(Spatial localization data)
/---
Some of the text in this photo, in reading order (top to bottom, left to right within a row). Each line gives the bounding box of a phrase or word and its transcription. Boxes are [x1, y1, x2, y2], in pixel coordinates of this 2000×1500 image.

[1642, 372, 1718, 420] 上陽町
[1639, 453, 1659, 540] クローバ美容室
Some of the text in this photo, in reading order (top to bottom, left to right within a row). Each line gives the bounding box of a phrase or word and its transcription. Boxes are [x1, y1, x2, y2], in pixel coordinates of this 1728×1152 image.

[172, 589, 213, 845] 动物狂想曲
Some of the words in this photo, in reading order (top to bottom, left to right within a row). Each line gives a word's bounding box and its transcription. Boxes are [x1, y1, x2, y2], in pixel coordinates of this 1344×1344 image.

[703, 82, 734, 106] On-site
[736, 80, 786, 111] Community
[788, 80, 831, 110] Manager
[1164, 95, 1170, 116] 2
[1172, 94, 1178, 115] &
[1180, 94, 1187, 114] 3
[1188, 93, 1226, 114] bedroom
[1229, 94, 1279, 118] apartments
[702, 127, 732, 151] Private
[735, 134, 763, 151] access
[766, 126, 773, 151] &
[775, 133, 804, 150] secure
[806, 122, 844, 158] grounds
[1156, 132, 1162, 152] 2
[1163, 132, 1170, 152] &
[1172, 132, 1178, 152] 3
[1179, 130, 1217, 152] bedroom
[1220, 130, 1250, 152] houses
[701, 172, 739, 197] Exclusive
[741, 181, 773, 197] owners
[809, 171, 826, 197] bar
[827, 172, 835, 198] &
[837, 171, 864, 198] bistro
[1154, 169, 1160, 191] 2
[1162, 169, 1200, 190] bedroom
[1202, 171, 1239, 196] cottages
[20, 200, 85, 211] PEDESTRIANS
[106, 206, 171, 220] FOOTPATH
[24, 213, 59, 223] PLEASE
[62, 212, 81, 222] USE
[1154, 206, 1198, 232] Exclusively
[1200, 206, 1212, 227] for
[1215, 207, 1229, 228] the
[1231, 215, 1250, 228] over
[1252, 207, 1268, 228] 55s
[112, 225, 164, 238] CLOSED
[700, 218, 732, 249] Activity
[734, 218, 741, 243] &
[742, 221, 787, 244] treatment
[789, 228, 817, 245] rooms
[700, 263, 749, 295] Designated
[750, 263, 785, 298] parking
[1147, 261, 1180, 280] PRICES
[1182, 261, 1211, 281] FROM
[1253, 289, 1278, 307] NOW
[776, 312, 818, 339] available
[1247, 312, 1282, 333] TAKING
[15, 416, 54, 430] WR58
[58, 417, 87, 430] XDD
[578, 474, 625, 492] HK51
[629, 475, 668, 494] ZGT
\---
EXERCISE -
Print every record above once more, exactly as written.

ANSWER -
Some of the text in this photo, in reading order (top to bottom, left to right within a row). Each line gives the bounding box of a phrase or word and its transcription. Boxes are [x1, y1, x2, y2], in pixel coordinates of this 2000×1500 image.

[1642, 372, 1718, 420] 上陽町
[1639, 453, 1659, 540] クローバ美容室
Some of the text in this photo, in reading order (top to bottom, left to right within a row). Each line gives the bounding box of a phrase or word and its transcription. Boxes are [x1, y1, x2, y2], in pixel coordinates of this 1728×1152 image.

[172, 589, 213, 845] 动物狂想曲
Some of the words in this photo, in reading order (top to bottom, left to right within a row). Each line gives a word's bounding box and its transcription. Boxes are [x1, y1, x2, y2], in pixel coordinates of this 1344×1344 image.

[703, 82, 734, 106] On-site
[736, 80, 786, 111] Community
[788, 80, 831, 110] Manager
[1164, 95, 1170, 116] 2
[1172, 94, 1178, 115] &
[1180, 94, 1187, 114] 3
[1188, 93, 1226, 114] bedroom
[1229, 94, 1279, 118] apartments
[702, 127, 732, 151] Private
[735, 134, 763, 151] access
[766, 126, 773, 151] &
[775, 133, 804, 150] secure
[806, 122, 844, 158] grounds
[1156, 132, 1162, 152] 2
[1163, 132, 1170, 152] &
[1172, 132, 1178, 152] 3
[1179, 130, 1217, 152] bedroom
[1220, 130, 1250, 152] houses
[701, 172, 739, 197] Exclusive
[741, 181, 773, 197] owners
[809, 171, 826, 197] bar
[827, 172, 835, 198] &
[837, 171, 864, 198] bistro
[1154, 169, 1160, 191] 2
[1162, 169, 1200, 190] bedroom
[1202, 171, 1239, 196] cottages
[20, 200, 85, 211] PEDESTRIANS
[106, 206, 171, 220] FOOTPATH
[24, 213, 59, 223] PLEASE
[62, 212, 81, 222] USE
[1154, 206, 1198, 232] Exclusively
[1200, 206, 1212, 227] for
[1215, 207, 1229, 228] the
[1231, 215, 1250, 228] over
[1252, 207, 1268, 228] 55s
[112, 225, 164, 238] CLOSED
[700, 218, 732, 249] Activity
[734, 218, 741, 243] &
[742, 221, 787, 244] treatment
[789, 228, 817, 245] rooms
[700, 263, 749, 295] Designated
[750, 263, 785, 298] parking
[1147, 261, 1180, 280] PRICES
[1182, 261, 1211, 281] FROM
[1253, 289, 1278, 307] NOW
[776, 312, 818, 339] available
[1247, 312, 1282, 333] TAKING
[15, 416, 54, 430] WR58
[58, 417, 87, 430] XDD
[578, 474, 625, 492] HK51
[629, 475, 668, 494] ZGT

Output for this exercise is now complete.